▶ **Work item**:
Transcription should be exact. Include all entries.

▶ **Data provided**:
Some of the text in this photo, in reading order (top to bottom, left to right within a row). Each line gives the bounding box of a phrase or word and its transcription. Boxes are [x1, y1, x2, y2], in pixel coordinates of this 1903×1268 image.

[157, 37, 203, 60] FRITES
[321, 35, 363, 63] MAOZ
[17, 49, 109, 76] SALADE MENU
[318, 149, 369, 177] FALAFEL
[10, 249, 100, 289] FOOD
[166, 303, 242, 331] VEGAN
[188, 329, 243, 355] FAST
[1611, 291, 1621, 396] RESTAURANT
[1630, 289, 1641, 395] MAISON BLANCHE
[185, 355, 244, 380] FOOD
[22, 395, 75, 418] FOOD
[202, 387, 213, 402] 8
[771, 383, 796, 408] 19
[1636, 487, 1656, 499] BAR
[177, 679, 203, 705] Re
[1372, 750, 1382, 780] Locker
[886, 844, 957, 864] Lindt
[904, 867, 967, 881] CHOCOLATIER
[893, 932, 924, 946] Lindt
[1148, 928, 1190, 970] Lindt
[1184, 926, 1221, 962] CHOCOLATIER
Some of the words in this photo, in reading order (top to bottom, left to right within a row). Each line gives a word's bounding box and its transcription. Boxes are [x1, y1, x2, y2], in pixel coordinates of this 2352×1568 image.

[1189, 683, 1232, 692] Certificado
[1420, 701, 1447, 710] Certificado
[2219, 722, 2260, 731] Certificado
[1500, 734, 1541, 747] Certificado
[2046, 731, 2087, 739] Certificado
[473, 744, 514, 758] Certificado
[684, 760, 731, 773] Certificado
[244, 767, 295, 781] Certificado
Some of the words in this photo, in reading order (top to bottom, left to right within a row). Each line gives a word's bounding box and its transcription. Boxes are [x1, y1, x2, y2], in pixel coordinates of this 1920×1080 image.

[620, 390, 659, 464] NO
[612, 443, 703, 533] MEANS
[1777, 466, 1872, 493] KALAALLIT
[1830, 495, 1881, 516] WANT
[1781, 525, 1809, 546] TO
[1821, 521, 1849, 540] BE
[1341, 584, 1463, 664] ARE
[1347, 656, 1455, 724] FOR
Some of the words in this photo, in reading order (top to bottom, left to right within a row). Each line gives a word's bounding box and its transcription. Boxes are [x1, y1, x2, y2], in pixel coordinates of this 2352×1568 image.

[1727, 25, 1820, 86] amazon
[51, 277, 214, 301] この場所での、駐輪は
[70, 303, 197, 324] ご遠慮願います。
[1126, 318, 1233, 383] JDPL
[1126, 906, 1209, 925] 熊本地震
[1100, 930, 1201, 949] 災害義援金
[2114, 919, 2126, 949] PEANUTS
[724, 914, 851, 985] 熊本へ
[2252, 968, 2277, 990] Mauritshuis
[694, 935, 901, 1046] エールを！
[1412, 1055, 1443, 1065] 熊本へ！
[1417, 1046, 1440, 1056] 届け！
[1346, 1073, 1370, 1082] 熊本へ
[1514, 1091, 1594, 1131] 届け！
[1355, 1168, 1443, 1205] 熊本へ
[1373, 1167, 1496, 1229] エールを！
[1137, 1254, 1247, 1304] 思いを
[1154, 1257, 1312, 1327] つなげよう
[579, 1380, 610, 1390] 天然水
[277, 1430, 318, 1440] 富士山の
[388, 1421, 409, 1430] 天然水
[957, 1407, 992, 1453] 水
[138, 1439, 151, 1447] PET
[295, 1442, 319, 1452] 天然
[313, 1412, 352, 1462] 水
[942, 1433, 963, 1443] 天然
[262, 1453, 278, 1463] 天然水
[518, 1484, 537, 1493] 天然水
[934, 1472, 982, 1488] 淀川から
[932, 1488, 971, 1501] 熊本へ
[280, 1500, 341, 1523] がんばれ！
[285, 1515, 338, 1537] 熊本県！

▶ **Answer below**:
Some of the text in this photo, in reading order (top to bottom, left to right within a row). Each line gives the bounding box of a phrase or word and its transcription. Boxes are [x1, y1, x2, y2], in pixel coordinates of this 1903×1268 image.

[157, 37, 203, 60] FRITES
[321, 35, 363, 63] MAOZ
[17, 49, 109, 76] SALADE MENU
[318, 149, 369, 177] FALAFEL
[10, 249, 100, 289] FOOD
[166, 303, 242, 331] VEGAN
[188, 329, 243, 355] FAST
[1611, 291, 1621, 396] RESTAURANT
[1630, 289, 1641, 395] MAISON BLANCHE
[185, 355, 244, 380] FOOD
[22, 395, 75, 418] FOOD
[202, 387, 213, 402] 8
[771, 383, 796, 408] 19
[1636, 487, 1656, 499] BAR
[177, 679, 203, 705] Re
[1372, 750, 1382, 780] Locker
[886, 844, 957, 864] Lindt
[904, 867, 967, 881] CHOCOLATIER
[893, 932, 924, 946] Lindt
[1148, 928, 1190, 970] Lindt
[1184, 926, 1221, 962] CHOCOLATIER
Some of the words in this photo, in reading order (top to bottom, left to right within a row). Each line gives a word's bounding box and its transcription. Boxes are [x1, y1, x2, y2], in pixel coordinates of this 2352×1568 image.

[1189, 683, 1232, 692] Certificado
[1420, 701, 1447, 710] Certificado
[2219, 722, 2260, 731] Certificado
[1500, 734, 1541, 747] Certificado
[2046, 731, 2087, 739] Certificado
[473, 744, 514, 758] Certificado
[684, 760, 731, 773] Certificado
[244, 767, 295, 781] Certificado
Some of the words in this photo, in reading order (top to bottom, left to right within a row). Each line gives a word's bounding box and its transcription. Boxes are [x1, y1, x2, y2], in pixel coordinates of this 1920×1080 image.

[620, 390, 659, 464] NO
[612, 443, 703, 533] MEANS
[1777, 466, 1872, 493] KALAALLIT
[1830, 495, 1881, 516] WANT
[1781, 525, 1809, 546] TO
[1821, 521, 1849, 540] BE
[1341, 584, 1463, 664] ARE
[1347, 656, 1455, 724] FOR
Some of the words in this photo, in reading order (top to bottom, left to right within a row). Each line gives a word's bounding box and its transcription. Boxes are [x1, y1, x2, y2], in pixel coordinates of this 2352×1568 image.

[1727, 25, 1820, 86] amazon
[51, 277, 214, 301] この場所での、駐輪は
[70, 303, 197, 324] ご遠慮願います。
[1126, 318, 1233, 383] JDPL
[1126, 906, 1209, 925] 熊本地震
[1100, 930, 1201, 949] 災害義援金
[2114, 919, 2126, 949] PEANUTS
[724, 914, 851, 985] 熊本へ
[2252, 968, 2277, 990] Mauritshuis
[694, 935, 901, 1046] エールを！
[1412, 1055, 1443, 1065] 熊本へ！
[1417, 1046, 1440, 1056] 届け！
[1346, 1073, 1370, 1082] 熊本へ
[1514, 1091, 1594, 1131] 届け！
[1355, 1168, 1443, 1205] 熊本へ
[1373, 1167, 1496, 1229] エールを！
[1137, 1254, 1247, 1304] 思いを
[1154, 1257, 1312, 1327] つなげよう
[579, 1380, 610, 1390] 天然水
[277, 1430, 318, 1440] 富士山の
[388, 1421, 409, 1430] 天然水
[957, 1407, 992, 1453] 水
[138, 1439, 151, 1447] PET
[295, 1442, 319, 1452] 天然
[313, 1412, 352, 1462] 水
[942, 1433, 963, 1443] 天然
[262, 1453, 278, 1463] 天然水
[518, 1484, 537, 1493] 天然水
[934, 1472, 982, 1488] 淀川から
[932, 1488, 971, 1501] 熊本へ
[280, 1500, 341, 1523] がんばれ！
[285, 1515, 338, 1537] 熊本県！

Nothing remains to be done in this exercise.